_Problem details_
Give the data below again exactly as written, without its pictures.

_Extracted material_
====
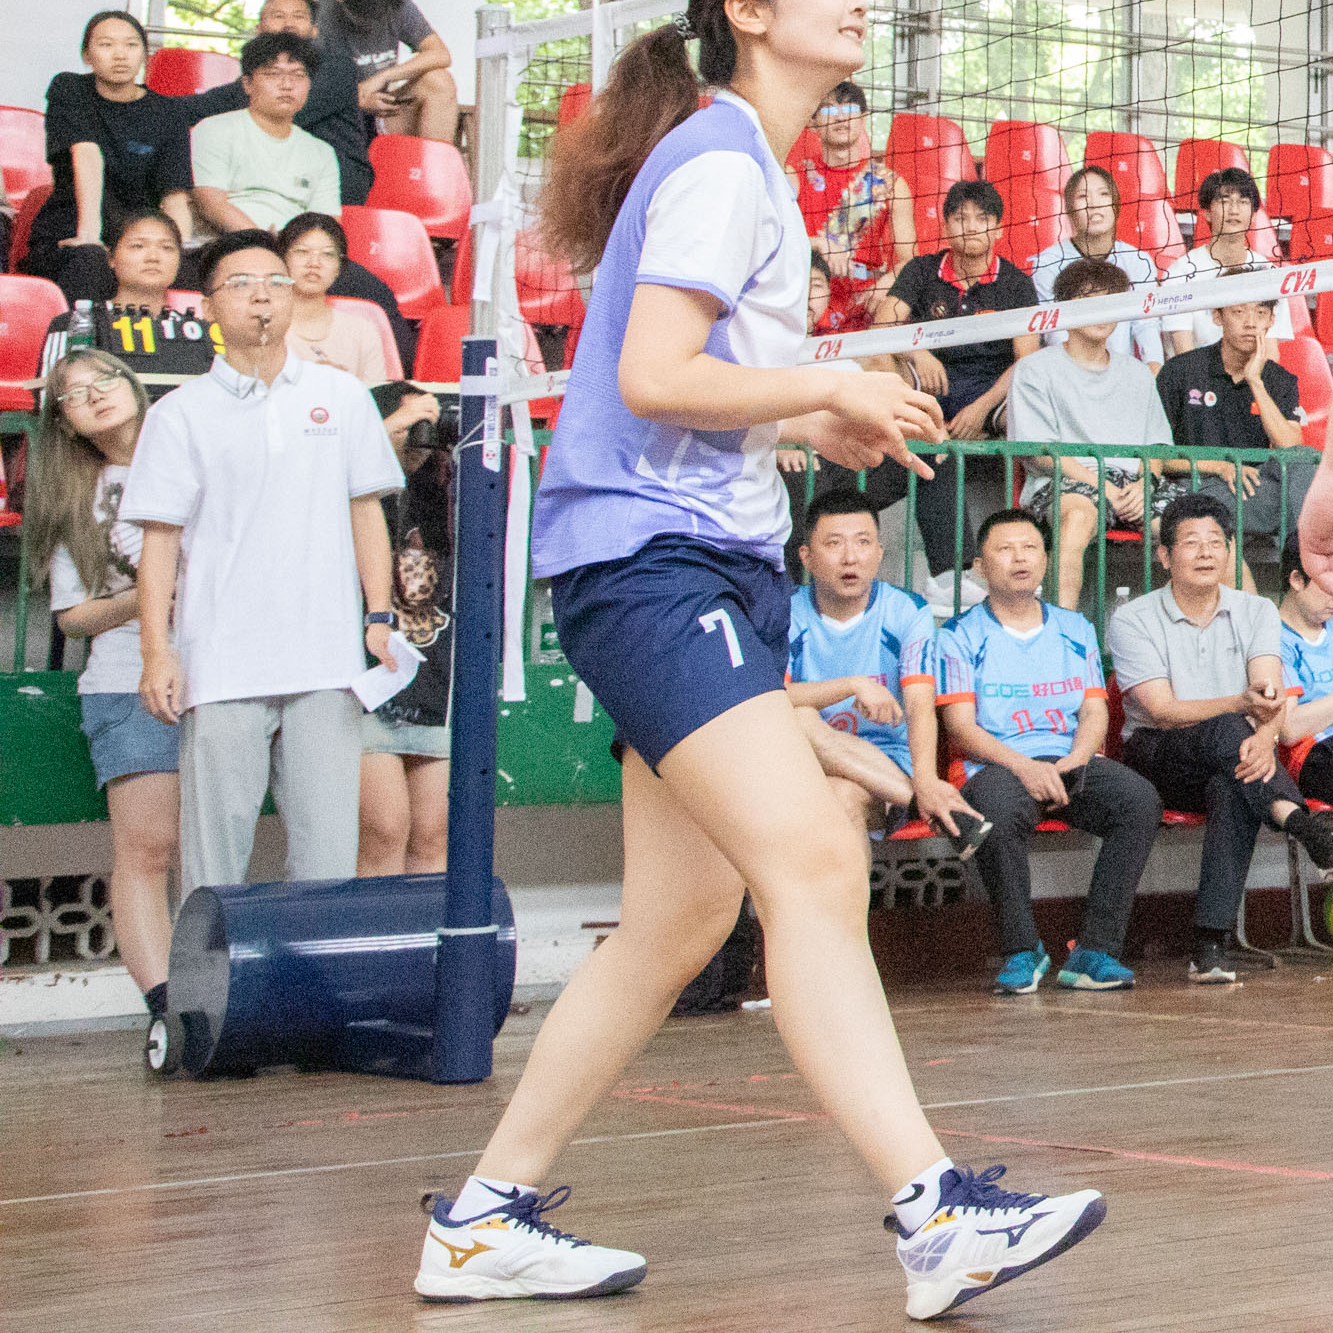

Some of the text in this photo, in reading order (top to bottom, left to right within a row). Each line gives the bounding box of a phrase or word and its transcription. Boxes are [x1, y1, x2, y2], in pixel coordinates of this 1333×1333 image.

[1280, 268, 1317, 294] CVA
[1028, 308, 1060, 332] CVA
[112, 316, 156, 353] 11
[815, 339, 842, 360] CVA
[698, 608, 745, 669] 7
[1032, 676, 1083, 697] 好口语
[1011, 709, 1067, 734] 11
====
_Answer area_
Some of the text in this photo, in reading order (top to bottom, left to right within a row). Each line gives the bounding box of a phrase or word and its transcription. Boxes are [x1, y1, x2, y2], in pixel coordinates of this 1333×1333 image.

[1280, 268, 1317, 294] CVA
[1028, 308, 1060, 332] CVA
[112, 316, 156, 353] 11
[815, 339, 842, 360] CVA
[698, 608, 745, 669] 7
[1032, 676, 1083, 697] 好口语
[1011, 709, 1067, 734] 11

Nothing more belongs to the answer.